Scanlen made her professional theatre debut in Sydney Theatre Company's 2019 production of Lord of the Flies, directed by Kip Williams. She played the role of Eric for the play's run. She made her feature film debut as Milla Finlay in Shannon Murphy's Babyteeth, which premiered in competition at Venice Film Festival. In 2019, she portrayed Beth March in Greta Gerwig's adaptation of Louisa May Alcott's novel Little Women, co-starring alongside Saoirse Ronan, Emma Watson, Florence Pugh, Laura Dern, Timothée Chalamet, and Meryl Streep.
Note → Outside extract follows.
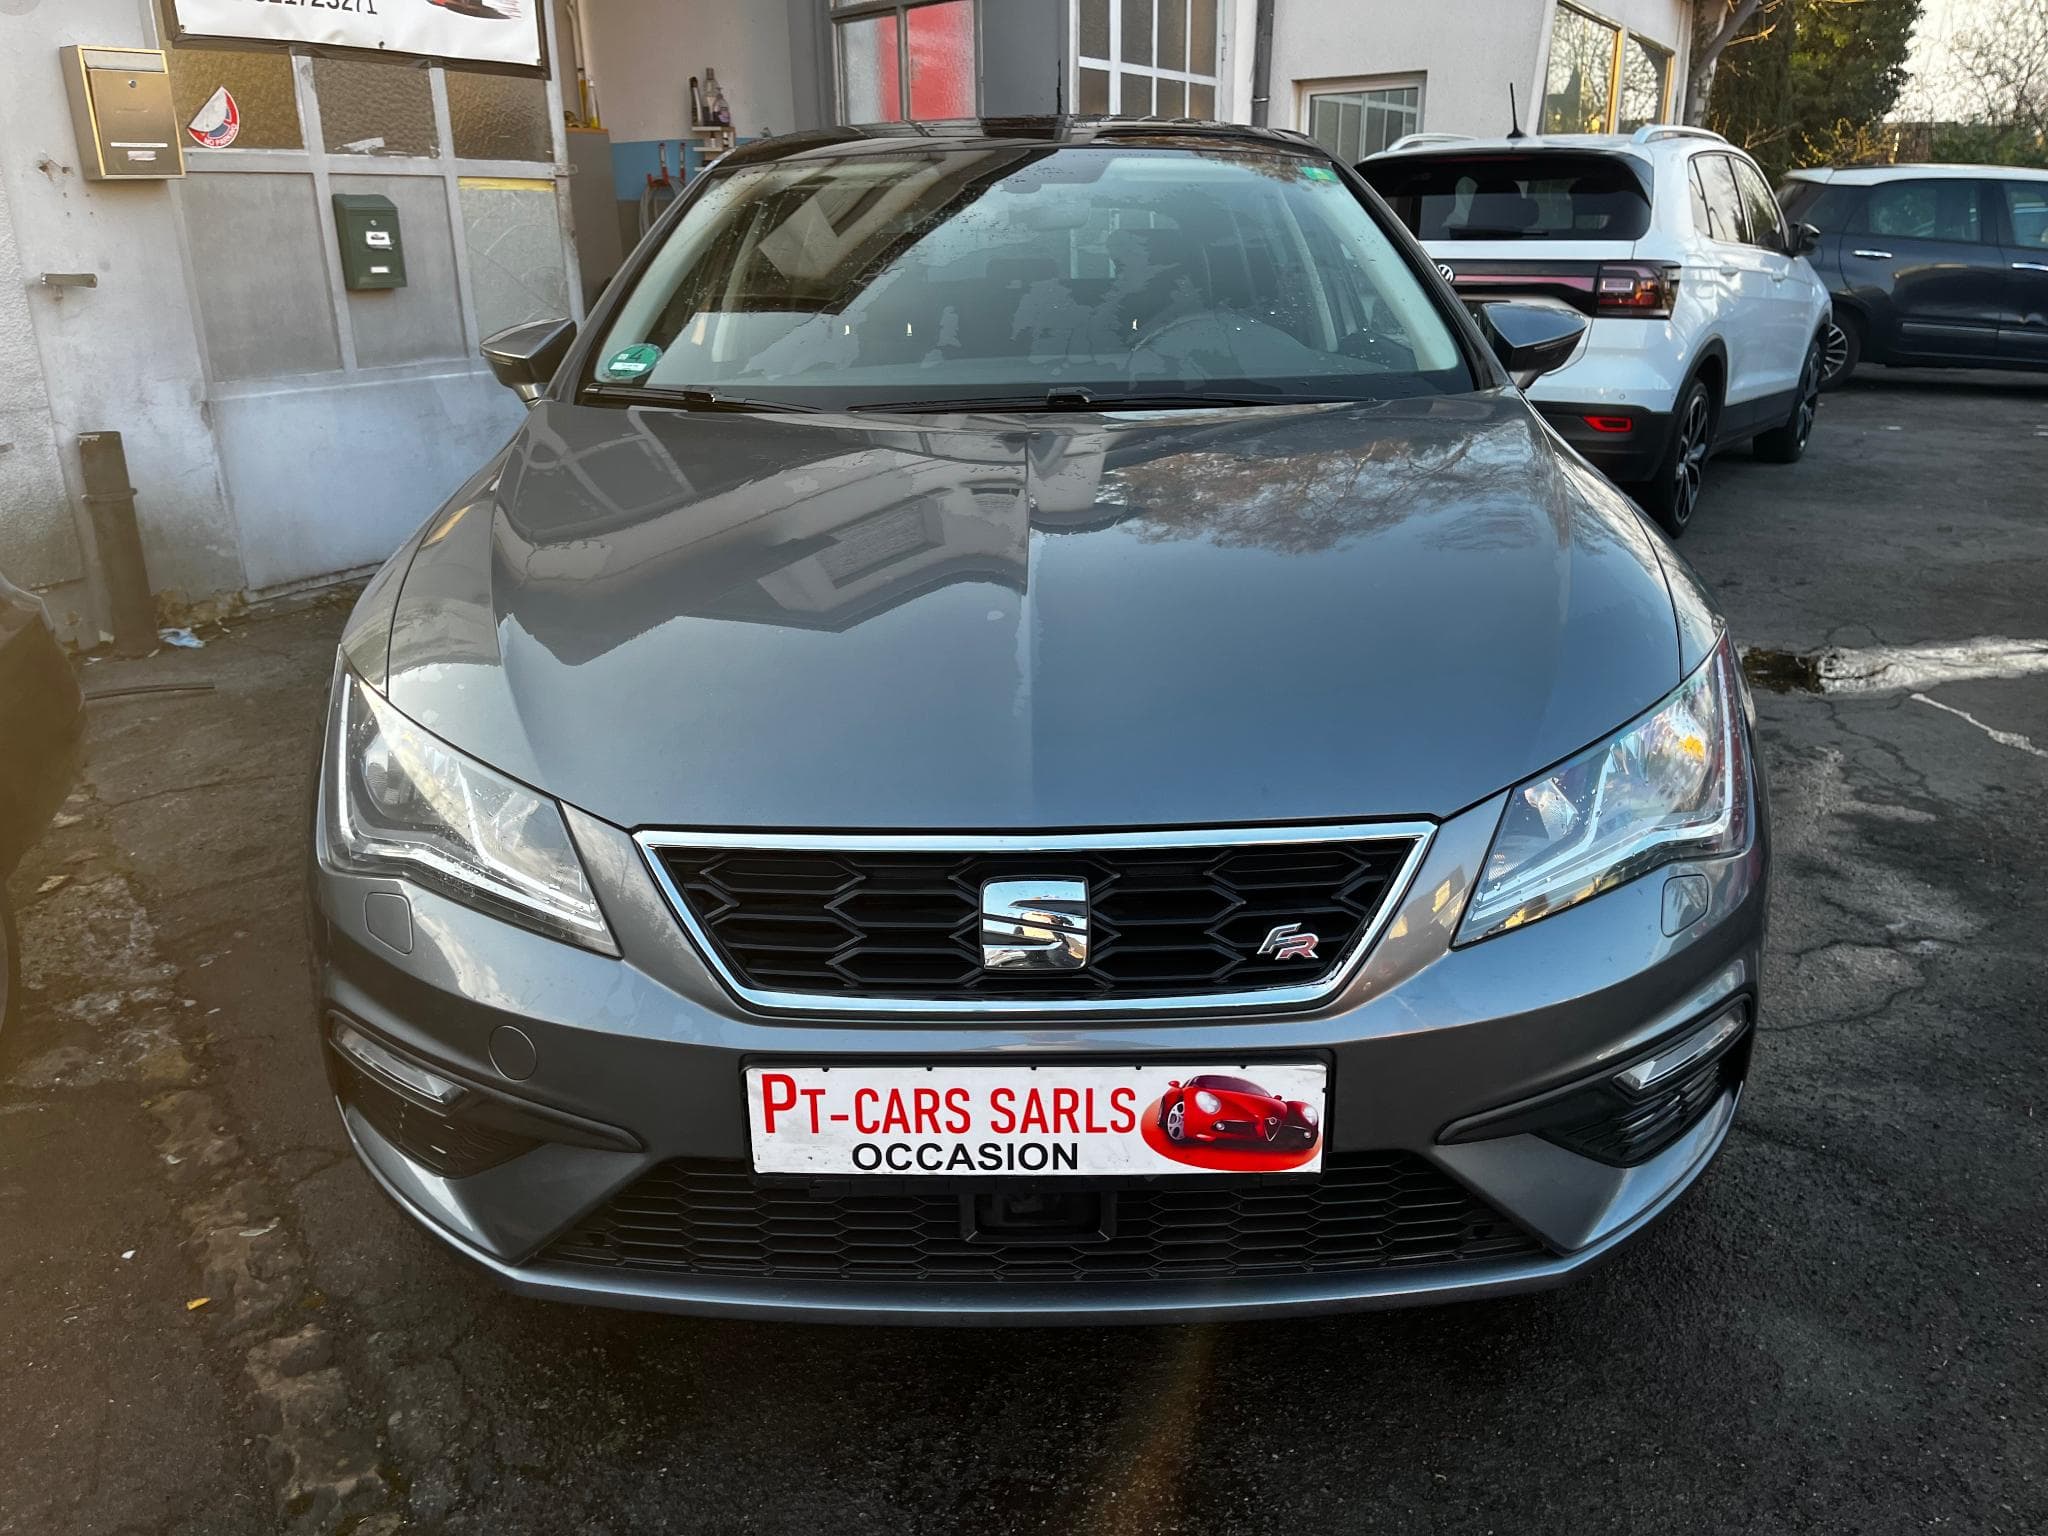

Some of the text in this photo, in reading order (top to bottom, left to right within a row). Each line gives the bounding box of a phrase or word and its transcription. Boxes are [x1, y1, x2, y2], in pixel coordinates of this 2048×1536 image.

[1256, 922, 1319, 960] FR
[761, 1073, 1136, 1134] PT-CARS SARLS
[852, 1142, 1078, 1171] OCCASION
The film received six Academy Award nominations (including Best Picture), and grossed $218 million at the box office.

In 2020, Scanlen portrayed Lenora in Antonio Campos thriller The Devil All the Time, based on Donald Ray Pollock book. In the same year she made her directional debut with the Australian short film Mukbang which received much controversy, she also wrote the screen play. In 2021, Scanlen co-starred in M. Night Shyamalan's thriller Old, which was released on 23 July.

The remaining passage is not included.